Only the pictures are to be omitted; every entry beneath should otherwise be duplicated exactly.

-=-=-

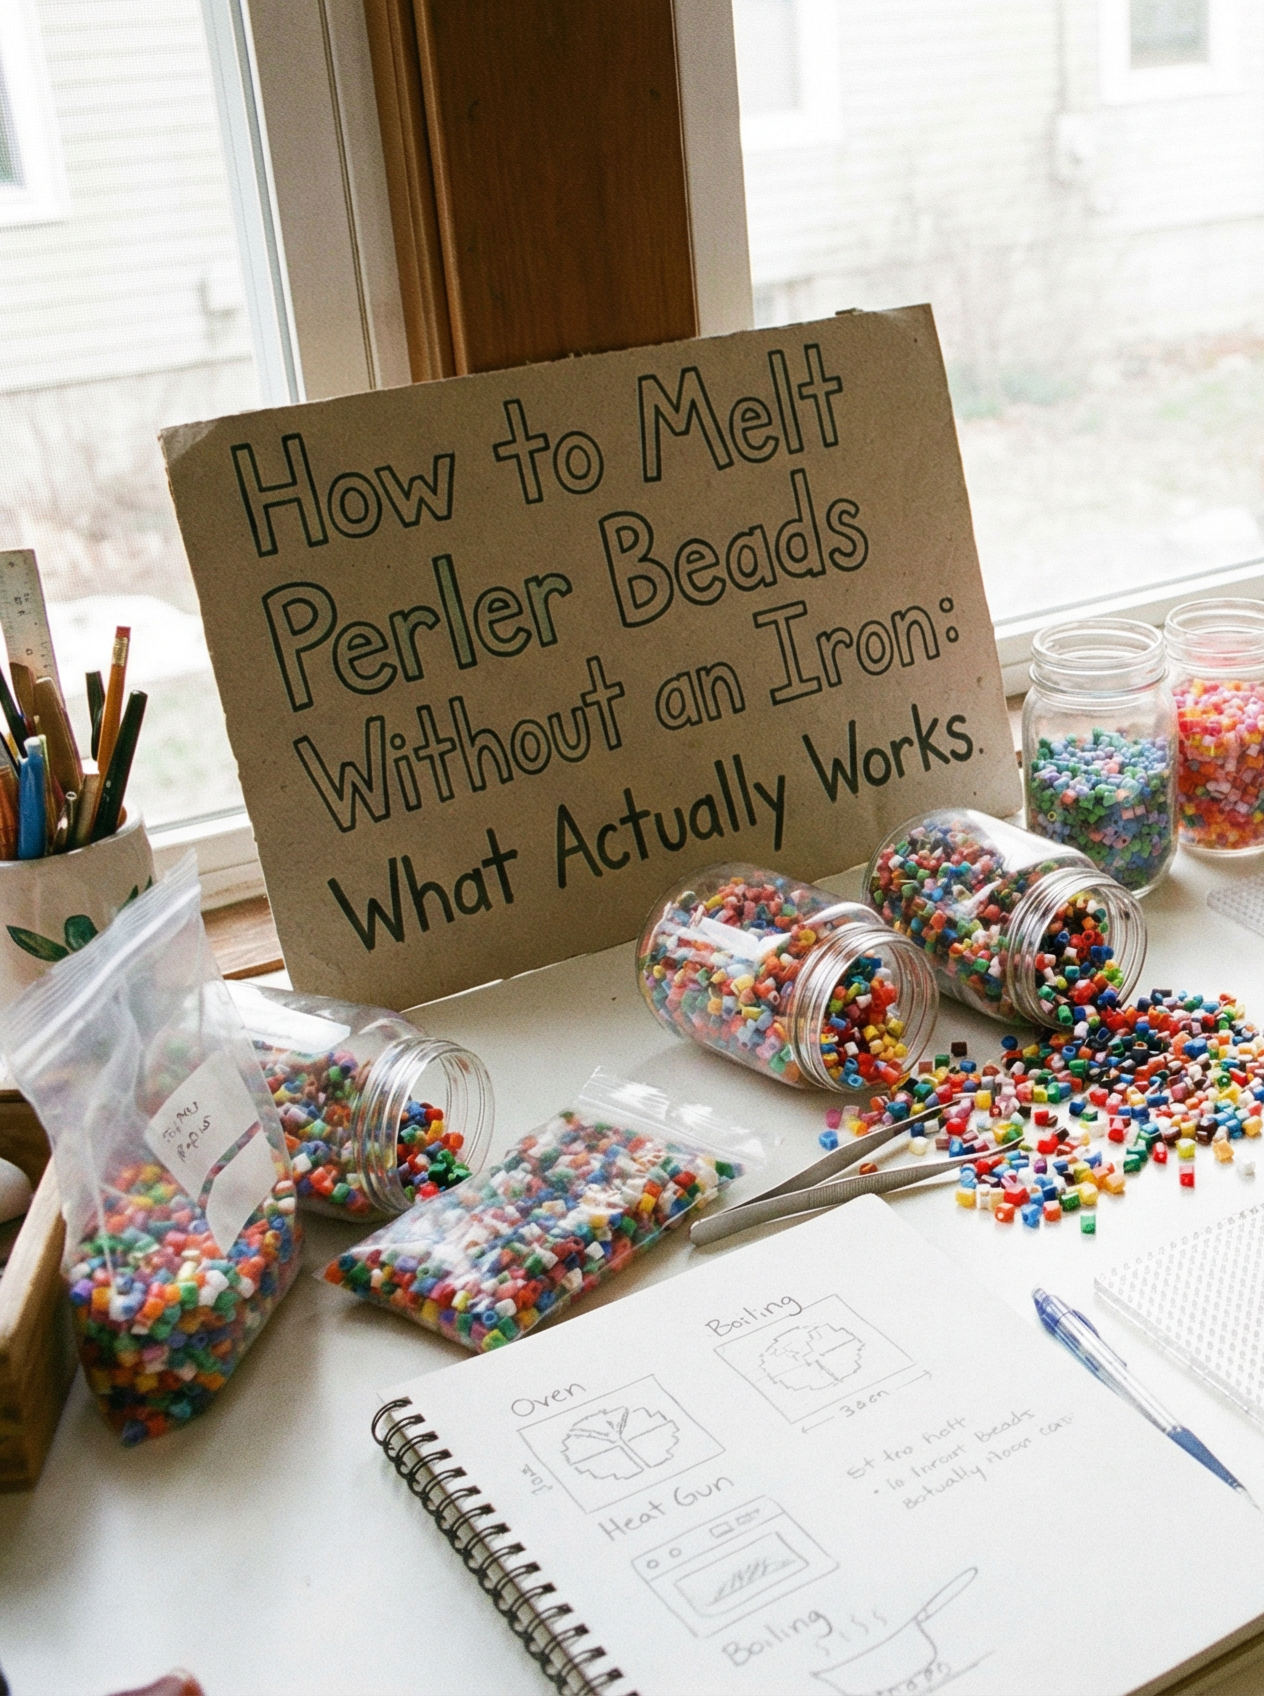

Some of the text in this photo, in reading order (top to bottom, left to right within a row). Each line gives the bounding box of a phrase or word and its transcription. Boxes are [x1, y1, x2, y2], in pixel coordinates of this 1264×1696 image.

[231, 344, 843, 557] How to Melt
[262, 469, 869, 711] Perler Beads
[294, 598, 960, 833] Without an Iron:
[328, 704, 984, 953] What Actually Works.
[705, 1296, 802, 1337] Boiling
[511, 1383, 586, 1417] Oven
[598, 1477, 734, 1541] Heat Gun
[721, 1610, 832, 1667] Boiling
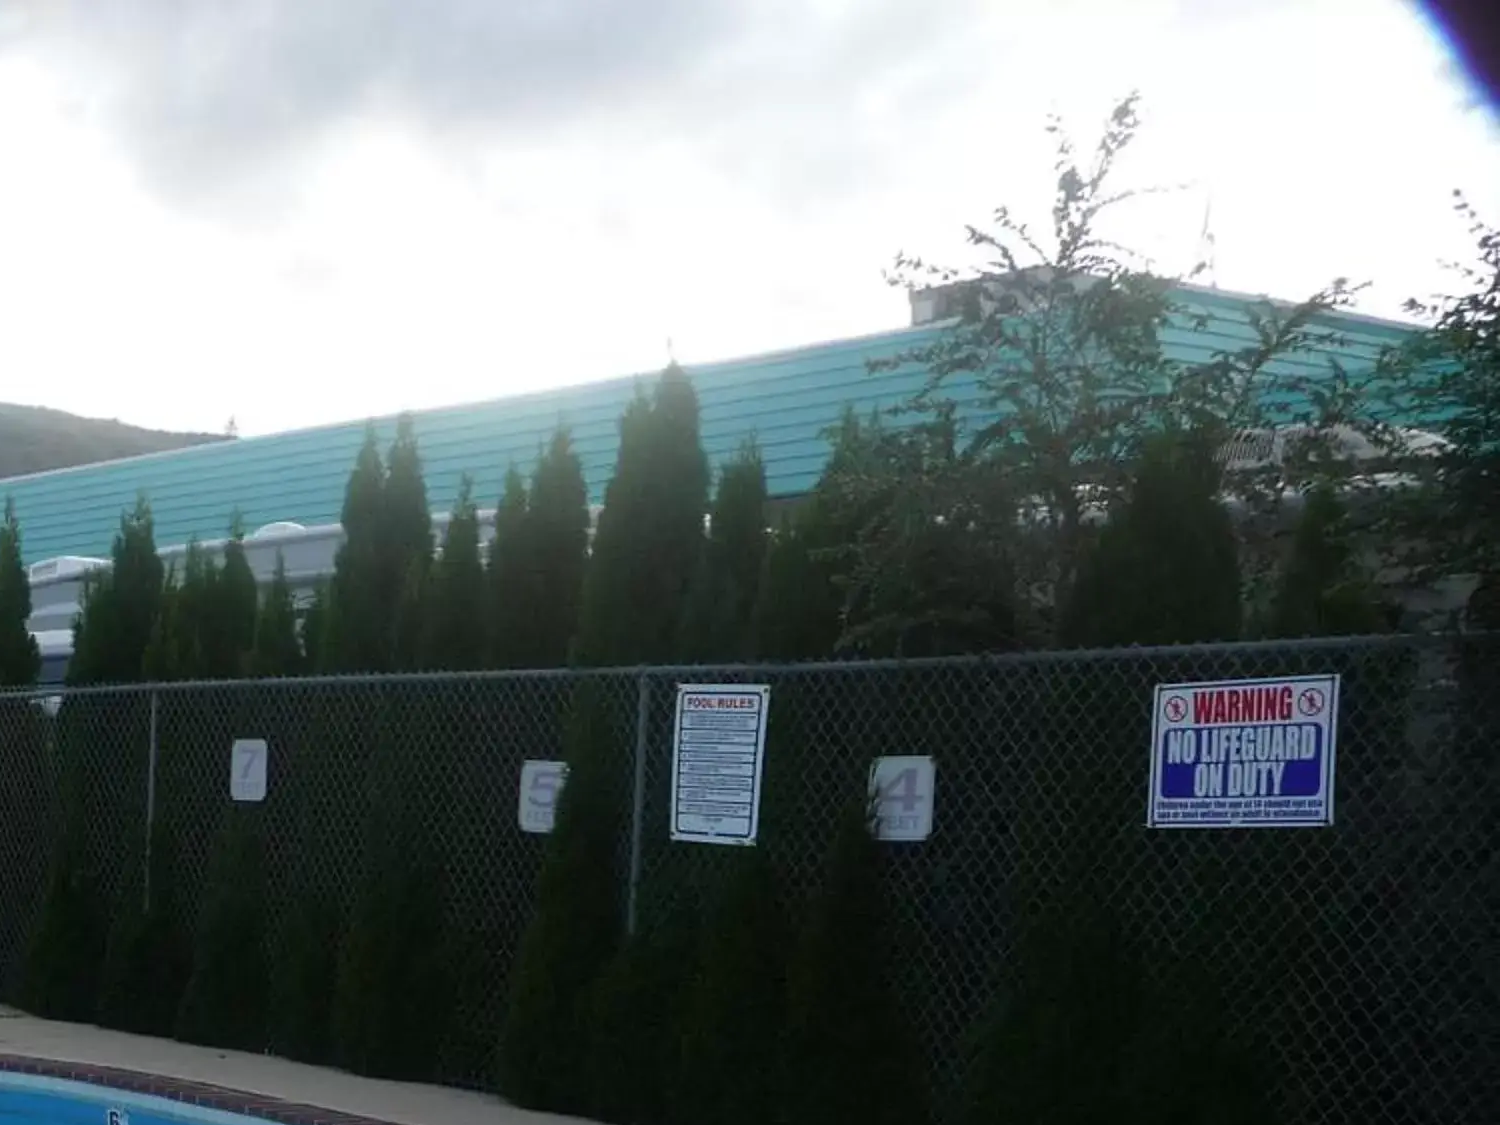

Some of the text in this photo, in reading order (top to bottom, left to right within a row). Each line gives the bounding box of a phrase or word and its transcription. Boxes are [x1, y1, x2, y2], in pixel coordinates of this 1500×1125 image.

[687, 697, 755, 709] POOL RULES
[1193, 685, 1293, 724] WARNING
[240, 747, 260, 779] 7
[1167, 724, 1317, 764] NO LIFEGUARD
[528, 770, 561, 809] 5
[878, 767, 924, 813] 4
[1193, 761, 1286, 797] ON DUTY

-=-=-

> [PROBLEM SOLUTION]
Some of the text in this photo, in reading order (top to bottom, left to right within a row). Each line gives the bounding box of a phrase or word and its transcription. Boxes are [x1, y1, x2, y2], in pixel coordinates of this 1264×1696 image.

[231, 344, 843, 557] How to Melt
[262, 469, 869, 711] Perler Beads
[294, 598, 960, 833] Without an Iron:
[328, 704, 984, 953] What Actually Works.
[705, 1296, 802, 1337] Boiling
[511, 1383, 586, 1417] Oven
[598, 1477, 734, 1541] Heat Gun
[721, 1610, 832, 1667] Boiling

Some of the text in this photo, in reading order (top to bottom, left to right within a row). Each line gives the bounding box of a phrase or word and its transcription. Boxes are [x1, y1, x2, y2], in pixel coordinates of this 1500×1125 image.

[687, 697, 755, 709] POOL RULES
[1193, 685, 1293, 724] WARNING
[240, 747, 260, 779] 7
[1167, 724, 1317, 764] NO LIFEGUARD
[528, 770, 561, 809] 5
[878, 767, 924, 813] 4
[1193, 761, 1286, 797] ON DUTY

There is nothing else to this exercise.